# Tabluar Quickstart

[![Open In Colab](https://colab.research.google.com/assets/colab-badge.svg)](https://colab.research.google.com/github/awslabs/autogluon/blob/new/docs/tutorials/tabular/tabular_quick_start.ipynb)
[![Open In SageMaker Studio Lab](https://studiolab.sagemaker.aws/studiolab.svg)](https://studiolab.sagemaker.aws/import/github/awslabs/autogluon/blob/new/docs/tutorials/tabular/tabular_quick_start.ipynb)

In this tutorial, we will see how to use AutoGluon's `TabularPredictor` to predict the values of a target column based on the other columns in a tabular dataset.

To begin, make sure AutoGluon is installed, and then import AutoGluon's `TabularDataset` and `TabularPredictor`. We will use the former to load data and the latter to train models and make predictions. 

In [None]:
!python -m pip --upgrade pip
!python -m pip install autogluon

In [4]:
from autogluon.tabular import TabularDataset, TabularPredictor

The dataset we will use is from the cover story of [Nature issue 7887](https://www.nature.com/nature/volumes/600/issues/7887): [AI guided tuition for math theorems](https://www.nature.com/articles/s41586-021-04086-x.pdf). The task is to predict a knot's signature based on its properties. We sampled 10K training and 5K test examples from the [original data](https://github.com/deepmind/mathematics_conjectures/blob/main/knot_theory.ipynb). The sampled dataset make this tutorial run quickly, but AutoGluon can handle the full dataset if desired.

We load this dataset directly from a URL. Note that the `TabularDataset` class is a subclass of [pandas DataFrame](https://pandas.pydata.org/docs/reference/api/pandas.DataFrame.html), and any pandas `DataFrame` methods can be used on it as well.

In [None]:
data_url = 'https://raw.githubusercontent.com/mli/ag-docs/main/knot_theory/'
train_data = TabularDataset(f'{data_url}train.csv')
train_data.head()

Our targets are stored in the "signature" column, which has 18 unique integers. Even though Pandas didn't correctly recognize this data type as categorical, AutoGluon will fix this issue.


In [None]:
label = 'signature'
train_data[label].describe()

We now construct a `TabularPredictor` by specifying the label column name and then train on the dataset with `TabularPredictor.fit()`. We don't need to specify any other hyperparameters. AutoGluon will recognize this is a multi-class classification task, perform automatic feature engineering, train multiple models, and then ensemble them to form the final predictions. 

In [None]:
predictor = TabularPredictor(label=label).fit(train_data)
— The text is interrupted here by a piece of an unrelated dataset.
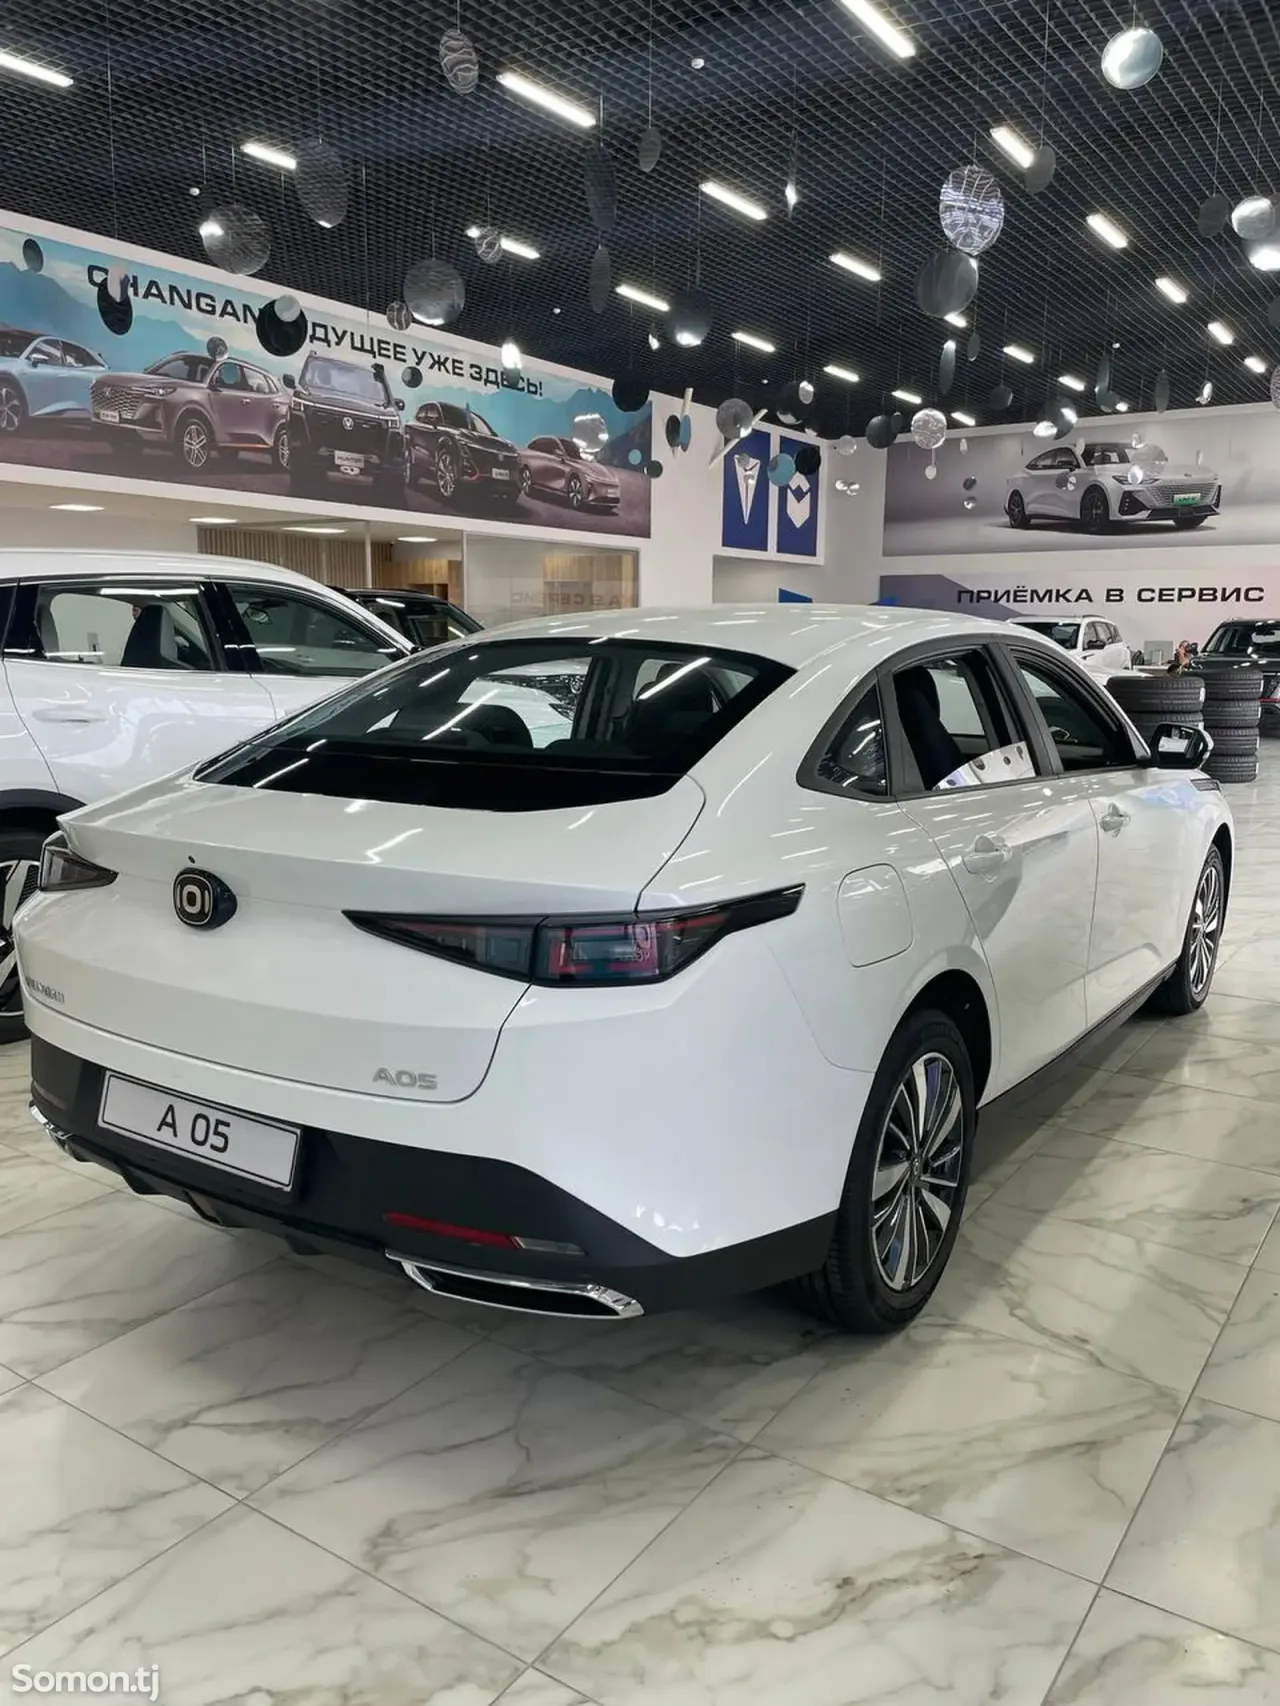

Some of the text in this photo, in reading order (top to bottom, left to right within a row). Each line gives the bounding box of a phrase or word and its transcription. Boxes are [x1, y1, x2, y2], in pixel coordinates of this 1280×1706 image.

Model fitting should take a few minutes or less depending on your CPU. You can make training faster by specifying the `time_limit` argument. For example, `fit(..., time_limit=60)` will stop training after 60 seconds. Higher time limits will generally result in better prediction performance, and excessively low time limits will prevent AutoGluon from training and ensembling a reasonable set of models.

Once training is done, we can load a separate set of data to use for prediction and evaulation.

In [26]:
test_data = TabularDataset(f'{data_url}test.csv')

y_pred = predictor.predict(test_data.drop(columns=[label]))
y_pred.head()

Loaded data from: https://raw.githubusercontent.com/mli/ag-docs/main/knot_theory/test.csv | Columns = 19 / 19 | Rows = 5000 -> 5000


0   -4
1   -2
2    0
3    4
4    2
Name: signature, dtype: int64

If you just want to evaluate the model performance, you can call the {func}`autogluon.tabular.TabularPredictor.evaluate` method.

In [27]:
predictor.evaluate(test_data, silent=True)

{'accuracy': 0.95,
 'balanced_accuracy': 0.7619277504882699,
 'mcc': 0.9387411901257484}

Now we did a quick through about using AutoGluon for tabular prediction. We used two classes, {class}`autogluon.tabular.TabularDataset` (essentially a pandas DataFrame) to load data and {class}`autogluon.tabular.TabularPredictor` to train (via the `fit` method) and predict (via the `predict` method). You will see similar APIs for other tasks, namely a `Dataset` class to load data and a `Prediction` class to train and predict. 


In addition, AutoGluon simplifies the model training by not requiring feature engineering and specifying model hyperparameters. AutoGluon automatically performs these jobs when running `fit`. You may worry about the resulted longer training time, AutoGluon balances the computational cost and model quality. You can benchmark AutoGluon's performance on the whole dataset loaded above against your favorite machine learning model. But to be fair, you also need to count the time you spend on preprocessing data and tuning your models.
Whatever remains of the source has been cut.